**WHAT THE TASK ASKS:** Print every record exactly, but leave out the pictures.

(Saved data entries)
───

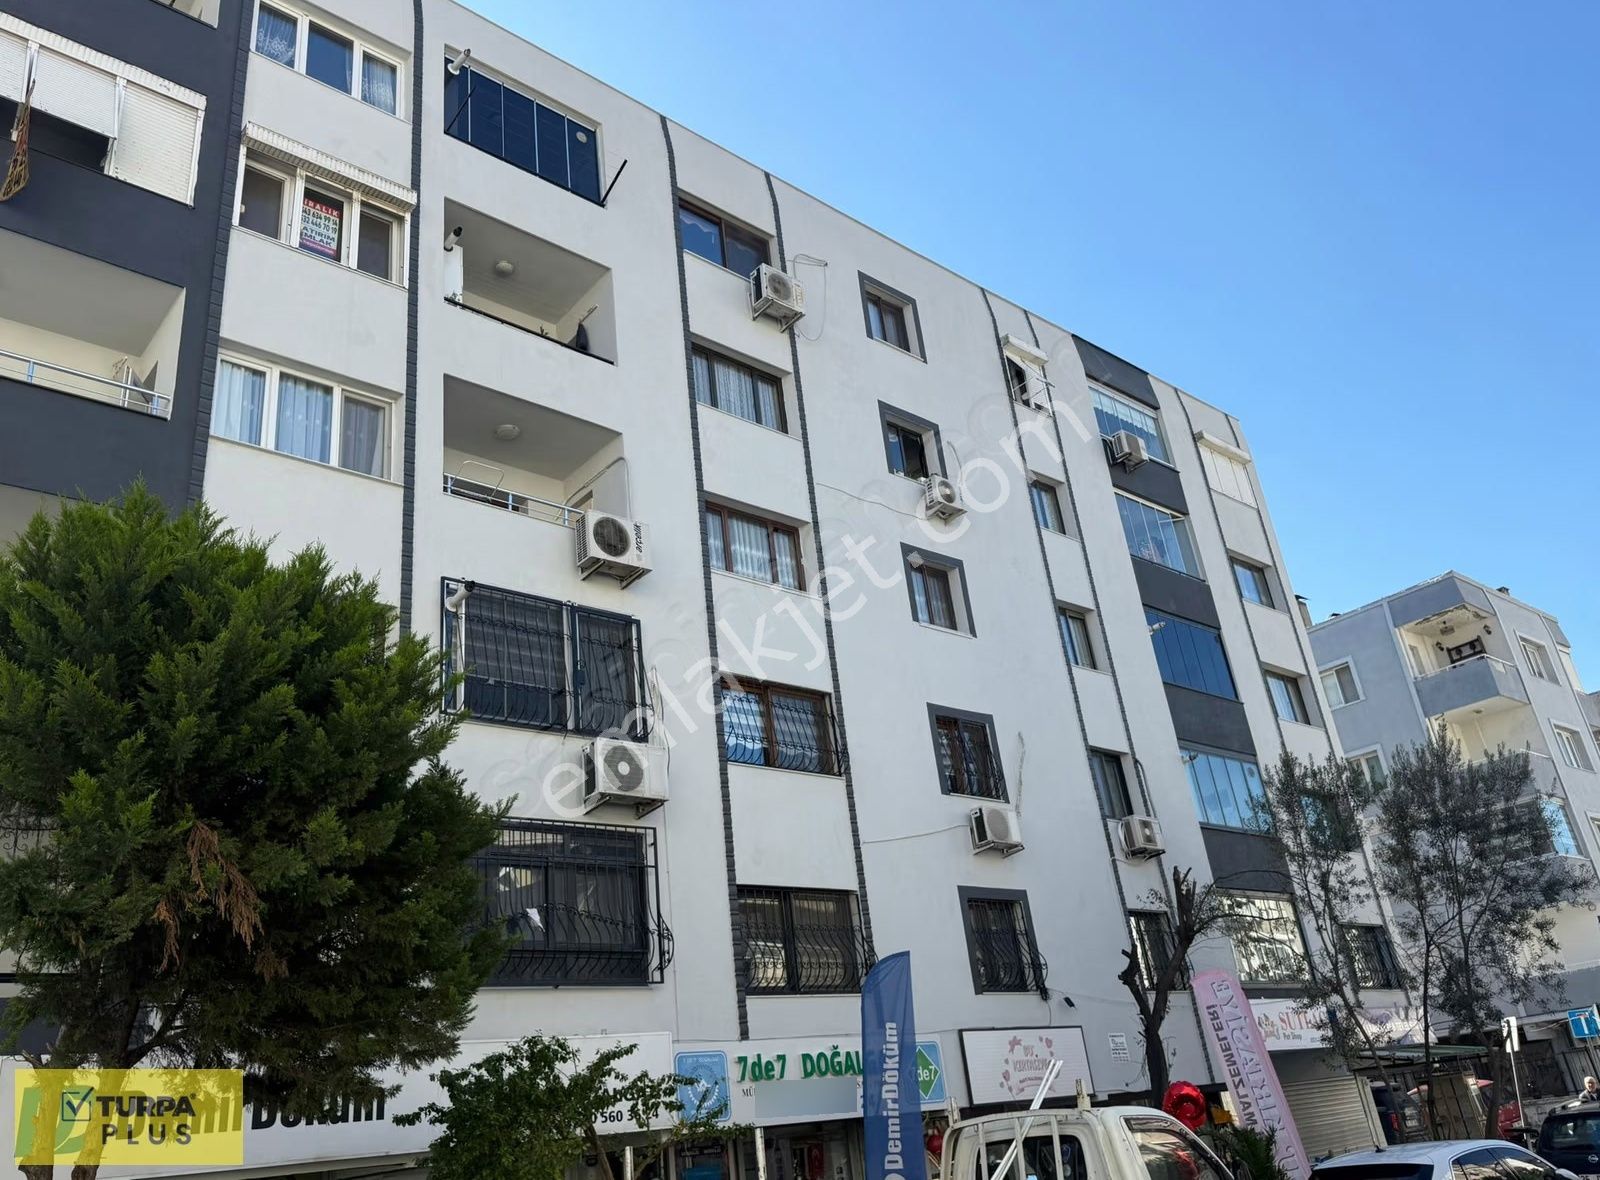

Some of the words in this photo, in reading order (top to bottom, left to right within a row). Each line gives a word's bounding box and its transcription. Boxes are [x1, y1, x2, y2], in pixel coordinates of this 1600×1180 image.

[737, 1053, 787, 1083] 7de7
[913, 1065, 936, 1081] de7
[881, 1021, 904, 1170] DemirDöküm
[600, 1110, 623, 1123] 560

───

**TASK ANSWER:**
Some of the words in this photo, in reading order (top to bottom, left to right within a row). Each line gives a word's bounding box and its transcription. Boxes are [x1, y1, x2, y2], in pixel coordinates of this 1600×1180 image.

[737, 1053, 787, 1083] 7de7
[913, 1065, 936, 1081] de7
[881, 1021, 904, 1170] DemirDöküm
[600, 1110, 623, 1123] 560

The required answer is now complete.